Words they would have quickly posted on Facebook had Benedict said them they leave unreported, because those words would disturb their narrative about Francis. This is true of some of the more moderate critics, who protest their loyalty to the pope. The “presence of an absence” suggests what they really feel.

Nothing he can do, short of saying what they would say were they him, will change their minds. I was wrong to hope that they might grow out of it.

(Emphasis supplied and hyperlink omitted.) For our part, we think that some of the Holy Father’s critics do go far too far. Asserting that the Pope is a Peronist economic dilettante bent on the destruction of the capitalist West goes too far. (For one thing, such an argument assumes that the capitalist West, which has taken every available opportunity to toss Christ and His Church out of public life and replace them with disordered individualism, is good in and of itself.
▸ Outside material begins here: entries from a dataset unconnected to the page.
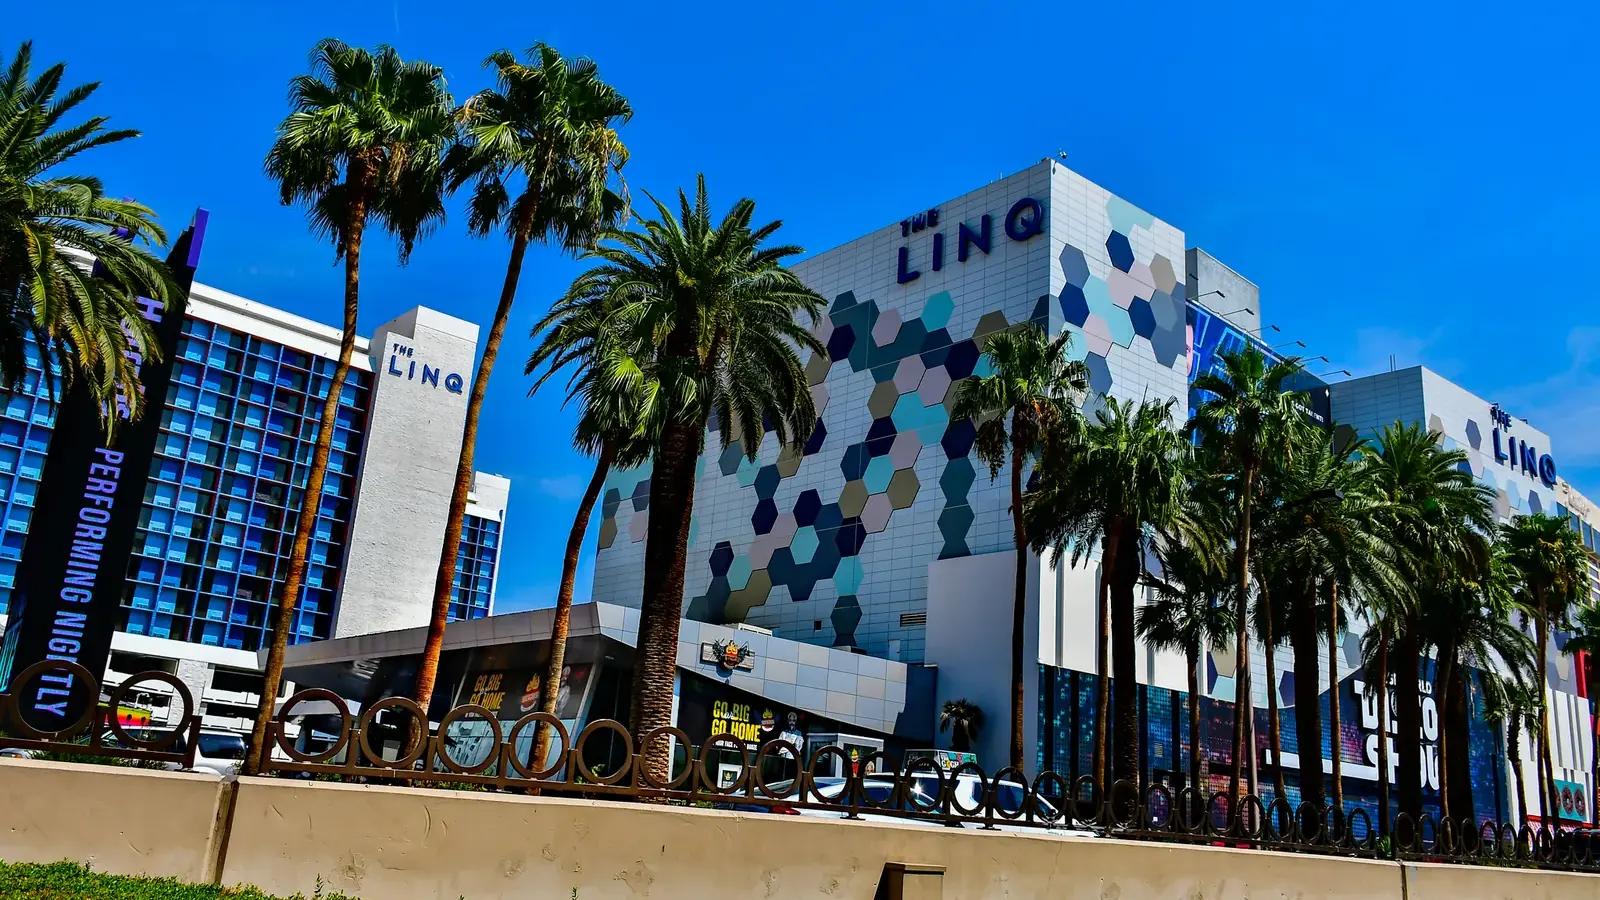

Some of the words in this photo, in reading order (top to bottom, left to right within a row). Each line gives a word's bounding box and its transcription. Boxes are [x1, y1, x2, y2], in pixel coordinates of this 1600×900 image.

[900, 208, 940, 237] THE
[897, 198, 1045, 284] LINQ
[393, 343, 414, 358] THE
[388, 355, 464, 395] LINQ
[1490, 406, 1512, 433] THE
[1492, 427, 1558, 491] LINQ
[60, 447, 124, 604] PERFORMING
[473, 674, 489, 692] GO
[487, 673, 503, 691] BIG
[469, 693, 481, 704] GO
[481, 692, 505, 710] HOME
[713, 700, 729, 719] GO
[731, 703, 751, 722] BIG
[711, 718, 727, 737] GO
[730, 721, 761, 743] HOME
A highly debatable proposition at best and flatly false at worst.) Likewise, there are some commentators who are, probably, inflexibly opposed to the Holy Father, or at least inflexibly reflexively suspicious of him. This is all true, and we have not found such commentary to be always spiritually improving. Or even merely spiritually non-harmful.

We have written here previously that it is pretty obvious that the Holy Father does not especially like traditionally minded Catholics. If his public statements are to be credited, it seems to us that he seems them as rule-quoting scolds who do not always (often?) mean well. Father John Hunwicke has wondered whether this is simply the Holy Father inviting traditionally minded Catholics to a rough-and-tumble debate, where, after some stringent language, everyone goes out together afterward for cocktails and laughs, or whether the Holy Father is putting everyone on notice. Perhaps that explains it. However it is clear that people speculate on why the Holy Father expresses himself this way. Likewise, instead of criticizing these critics as “bitter sons,” Mills ought to ask why they feel the need to express themselves this way.

We think there are fundamentally three reasons:

  • One, the internet breeds flamboyant, hyperbolic expression. This is so obvious as to require no further comment.
  • Two, in any small, ideological community—and traditional Catholicism is at least that—there is an impulse to make ever more hyperbolic declarations of orthodoxy, either to be heard among people who all think more or less the same way or to fit in with the group. Call it a positive feedback loop.
  • Three, people are really scared right now.

Mills goes on to say,

The critics don’t speak as disappointed or worried sons. They don’t read the pope with deference and humility, as an adult son listening to his father. My own father rarely gave advice, but when he did, I listened to him carefully. I stifled my desire to object or contradict and even when after much thought I still disagreed, I tried to find ways in which he was right, because he was a wise man who loved me. He was not infallible, but as I look back now, he was right more often than I saw then.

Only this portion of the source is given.